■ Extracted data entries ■
******

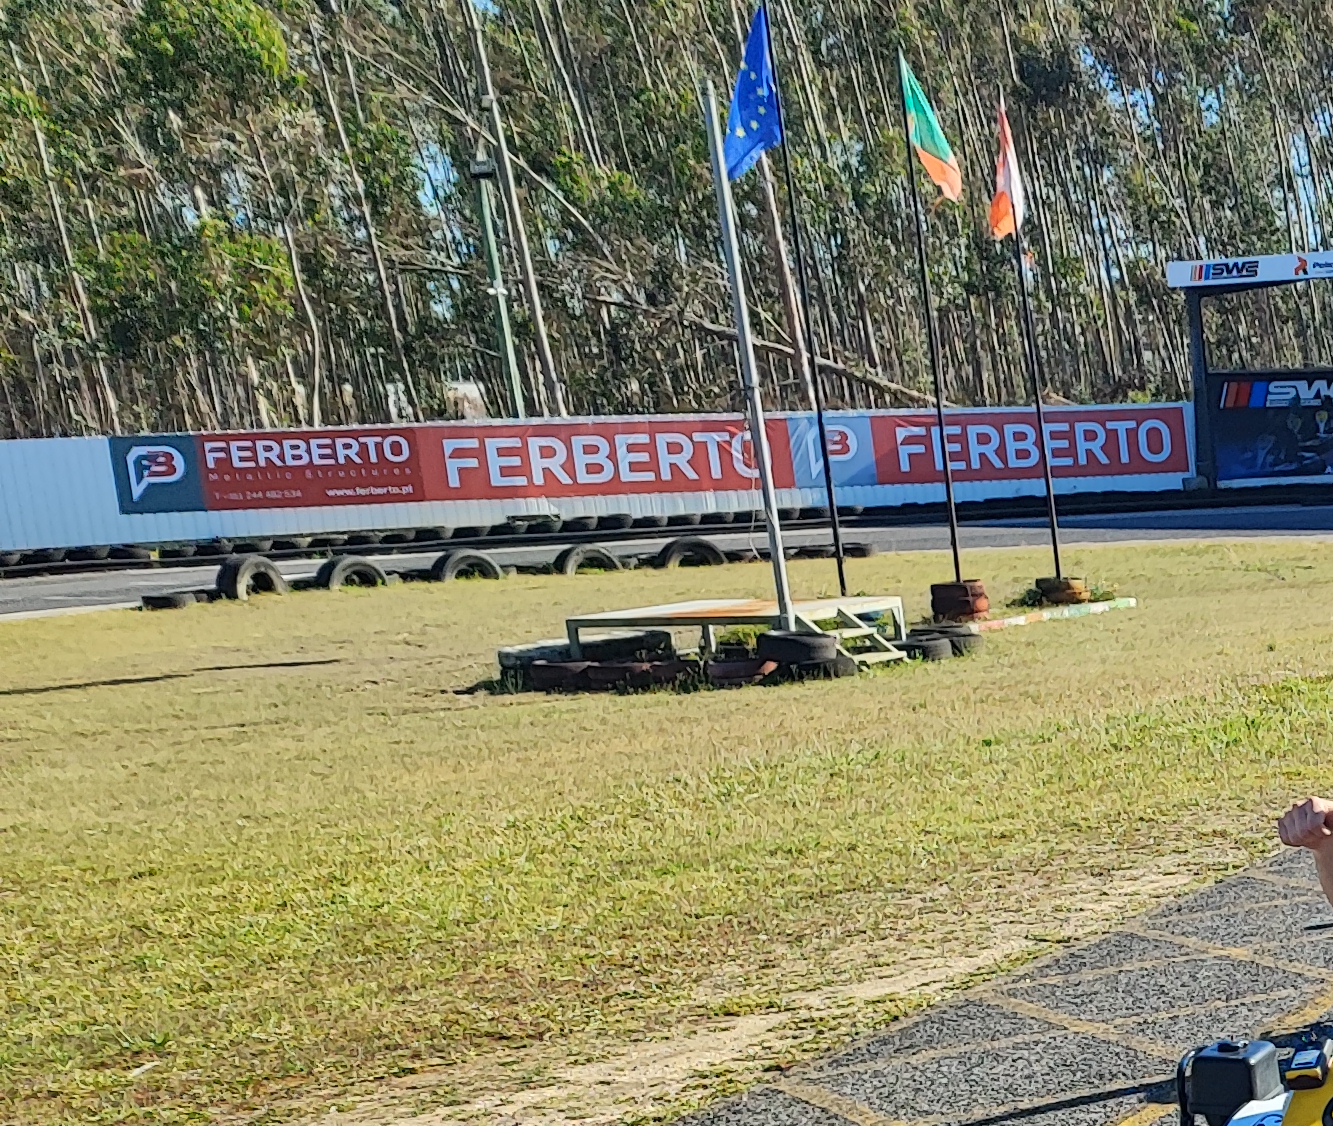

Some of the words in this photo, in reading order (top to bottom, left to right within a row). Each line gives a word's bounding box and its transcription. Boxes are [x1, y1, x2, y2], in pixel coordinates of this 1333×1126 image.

[203, 434, 411, 469] FERBERTO
[895, 418, 1172, 473] FERBERTO
[325, 483, 414, 497] www.ferberto.pt
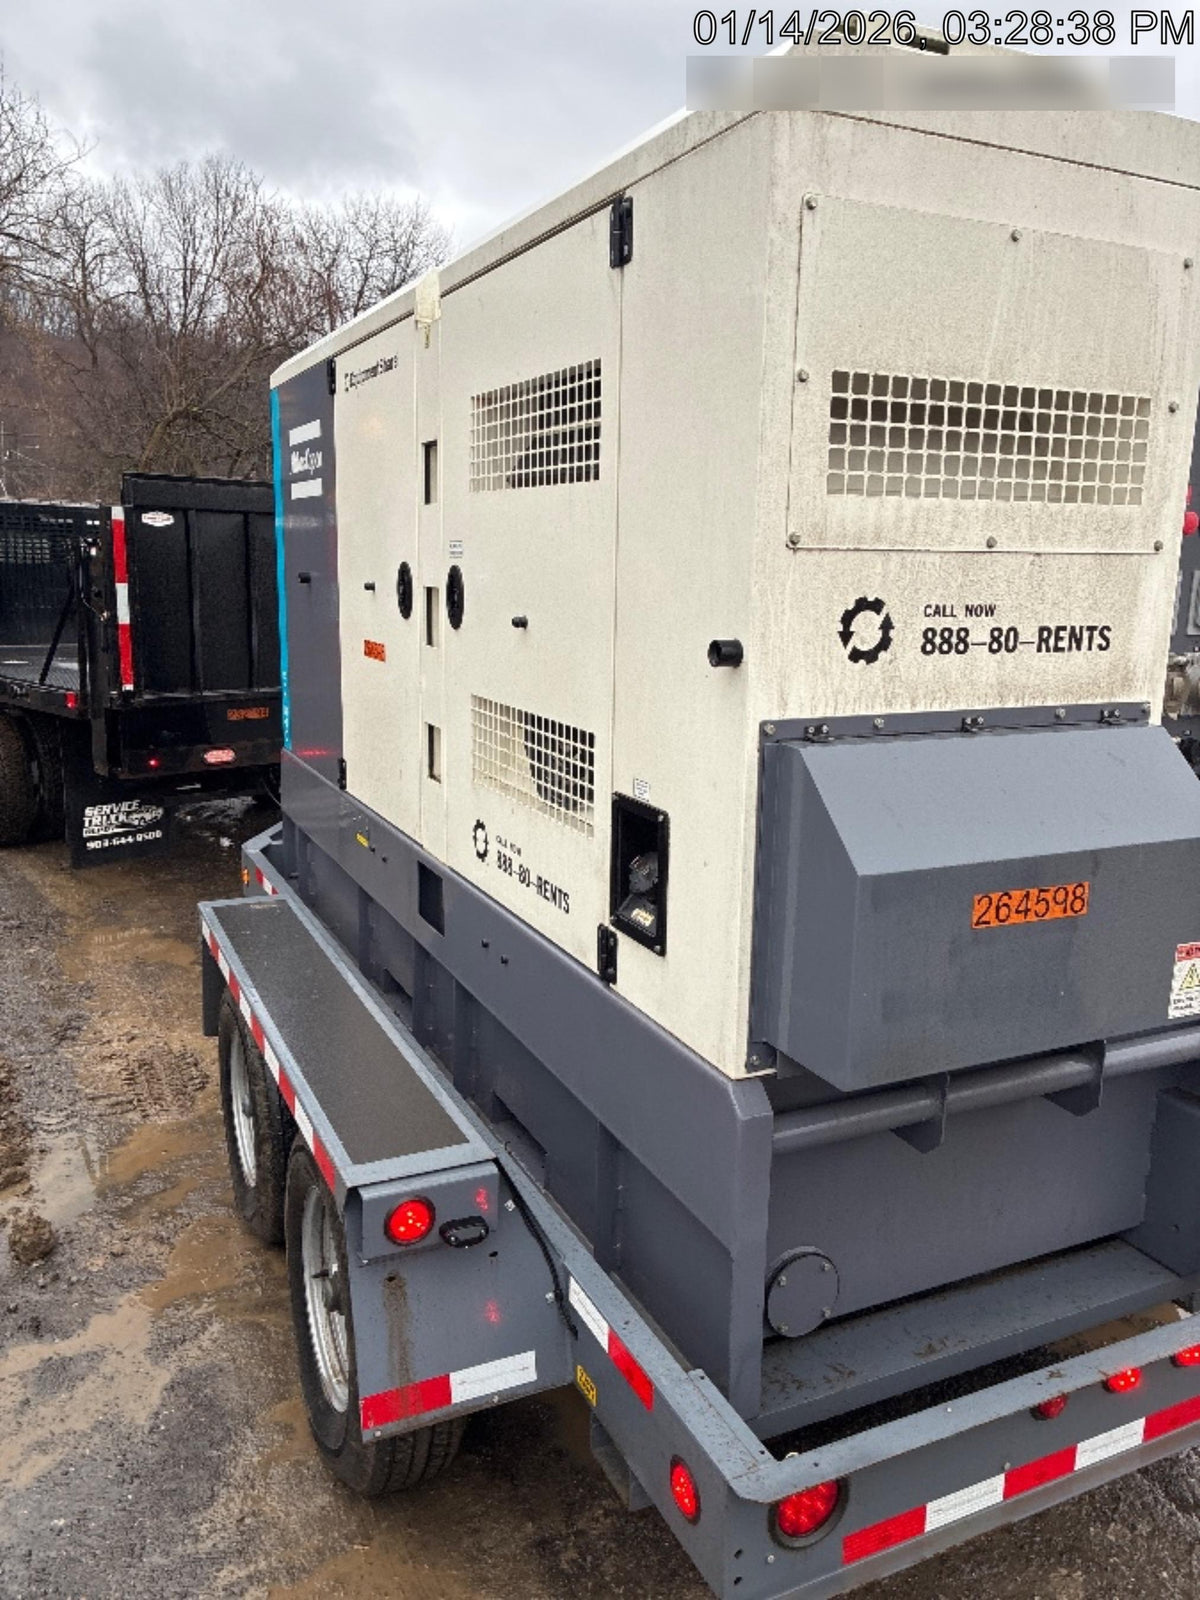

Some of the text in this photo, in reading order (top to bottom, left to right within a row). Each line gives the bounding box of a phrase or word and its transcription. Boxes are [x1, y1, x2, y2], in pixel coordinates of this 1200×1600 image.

[923, 604, 997, 618] CALL NOW
[920, 625, 1112, 656] 888-80-RENTS
[84, 799, 141, 817] SERVICE
[973, 882, 1087, 927] 264598

******

■ Problem to solve ■
Copy the entries exactly. No pictures.

■ Task answer ■
Some of the words in this photo, in reading order (top to bottom, left to right within a row). Each line gives a word's bounding box and its transcription. Boxes are [x1, y1, x2, y2], in pixel coordinates of this 1333×1126 image.

[203, 434, 411, 469] FERBERTO
[895, 418, 1172, 473] FERBERTO
[325, 483, 414, 497] www.ferberto.pt

Some of the text in this photo, in reading order (top to bottom, left to right within a row). Each line gives the bounding box of a phrase or word and its transcription. Boxes are [x1, y1, x2, y2], in pixel coordinates of this 1200×1600 image.

[923, 604, 997, 618] CALL NOW
[920, 625, 1112, 656] 888-80-RENTS
[84, 799, 141, 817] SERVICE
[973, 882, 1087, 927] 264598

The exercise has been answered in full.